## Problem details
Nothing in the records below should be altered in the copy, although the pictures must be left out.

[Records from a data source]
□ □ □

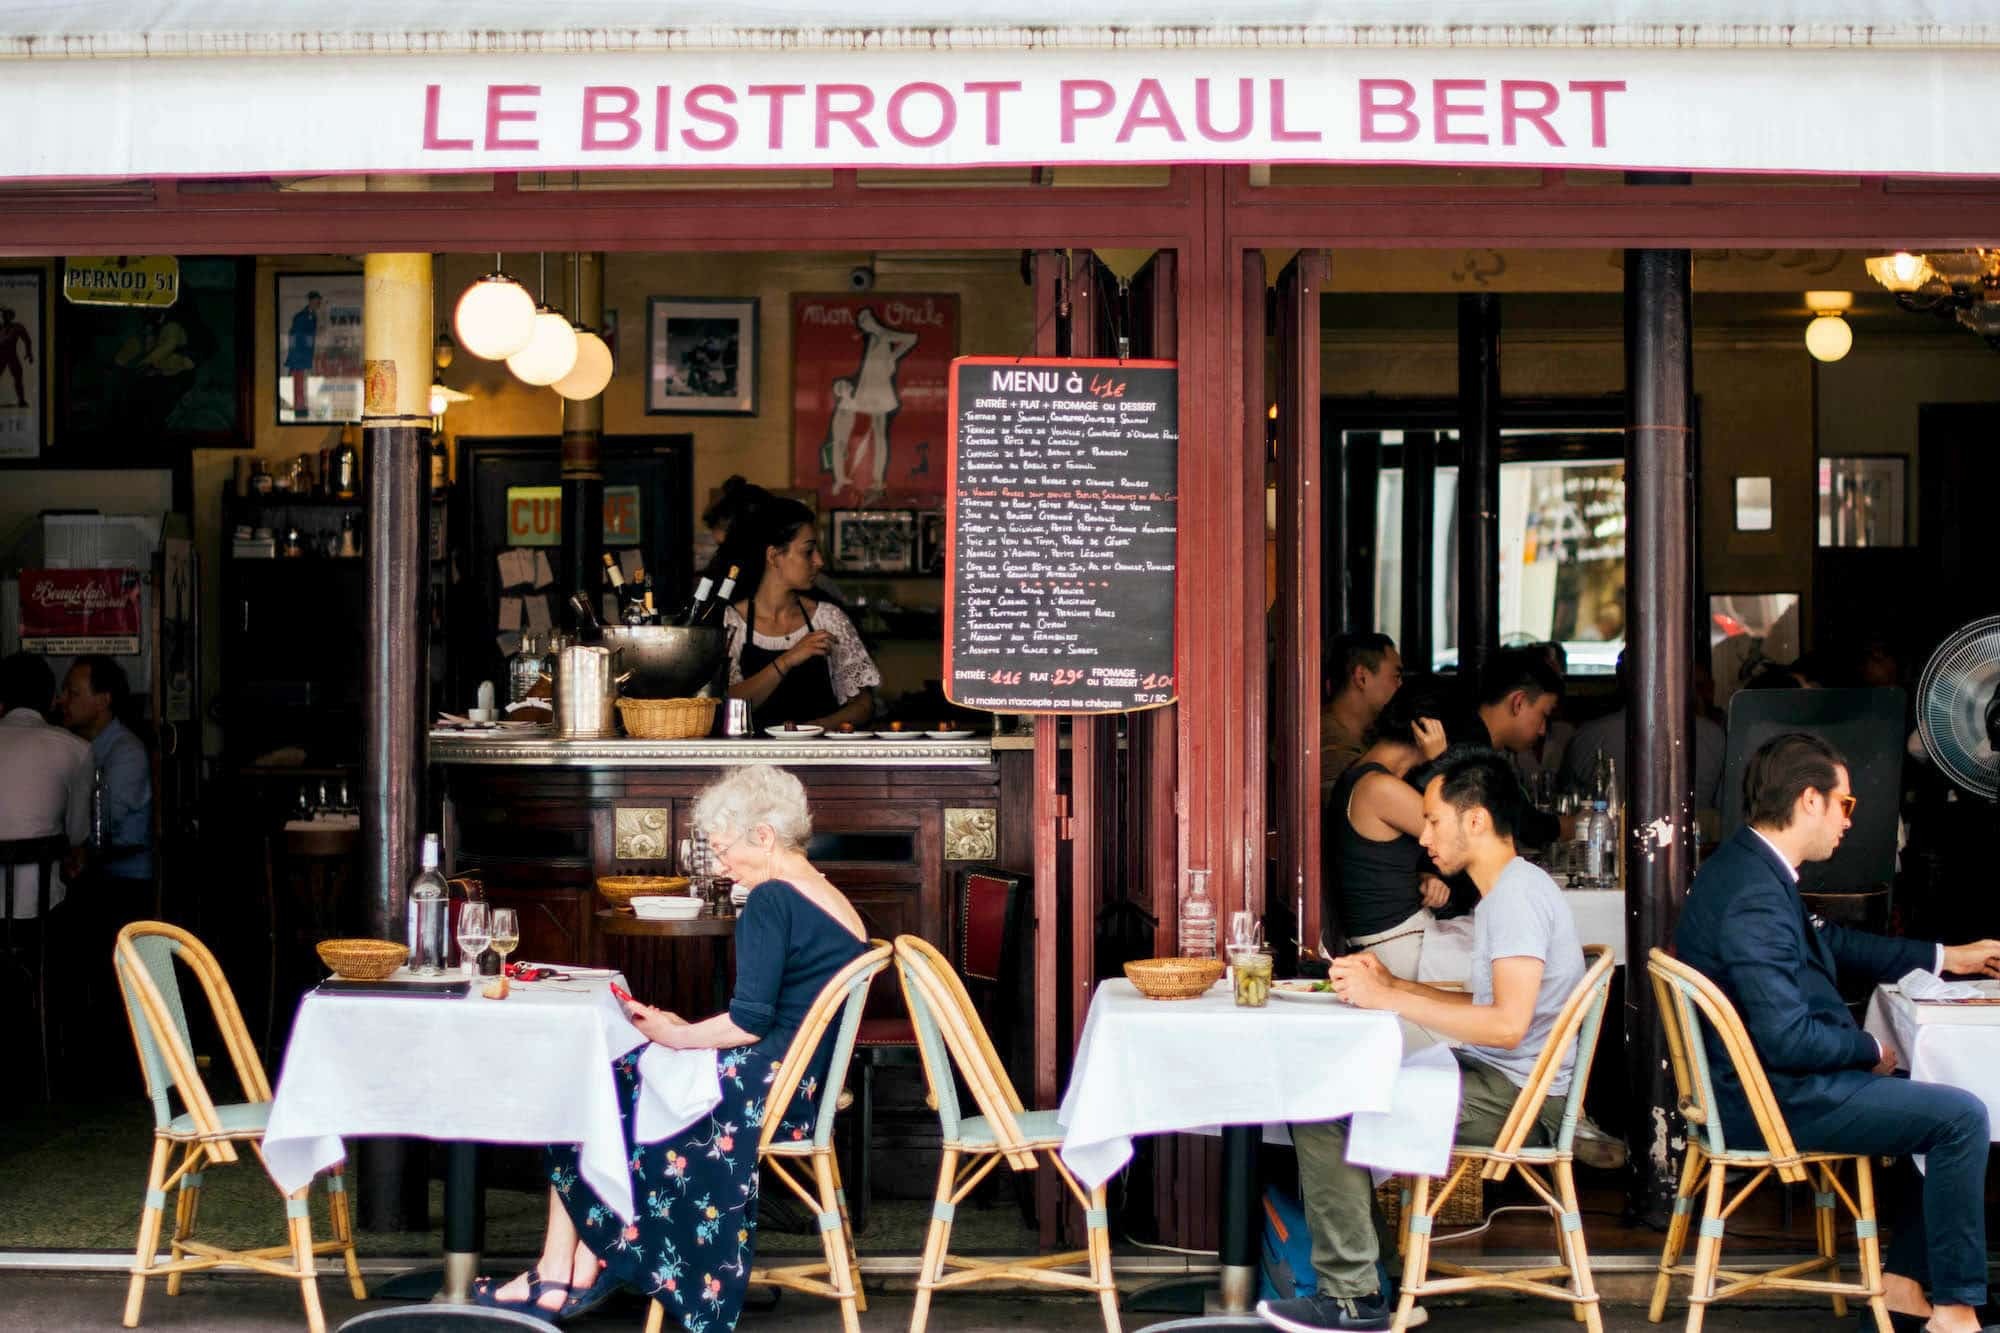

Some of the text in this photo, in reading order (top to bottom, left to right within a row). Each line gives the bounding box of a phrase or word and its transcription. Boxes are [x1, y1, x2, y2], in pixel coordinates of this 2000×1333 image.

[423, 78, 1627, 152] LE BISTROT PAUL BERT
[69, 268, 175, 291] PERNOD 51
[992, 370, 1059, 393] MENU
[1066, 371, 1083, 394] à
[975, 397, 1007, 409] ENTRÉE
[1020, 399, 1040, 410] PLAT
[1052, 400, 1098, 411] FROMAGE
[1120, 401, 1158, 412] DESSERT
[955, 668, 986, 680] ENTRÉE
[1029, 671, 1048, 682] PLAT
[1091, 667, 1136, 678] FROMAGE
[1103, 678, 1138, 688] DESSERT
[976, 696, 1007, 706] maison

□ □ □

## Your response
Some of the text in this photo, in reading order (top to bottom, left to right within a row). Each line gives the bounding box of a phrase or word and its transcription. Boxes are [x1, y1, x2, y2], in pixel coordinates of this 2000×1333 image.

[423, 78, 1627, 152] LE BISTROT PAUL BERT
[69, 268, 175, 291] PERNOD 51
[992, 370, 1059, 393] MENU
[1066, 371, 1083, 394] à
[975, 397, 1007, 409] ENTRÉE
[1020, 399, 1040, 410] PLAT
[1052, 400, 1098, 411] FROMAGE
[1120, 401, 1158, 412] DESSERT
[955, 668, 986, 680] ENTRÉE
[1029, 671, 1048, 682] PLAT
[1091, 667, 1136, 678] FROMAGE
[1103, 678, 1138, 688] DESSERT
[976, 696, 1007, 706] maison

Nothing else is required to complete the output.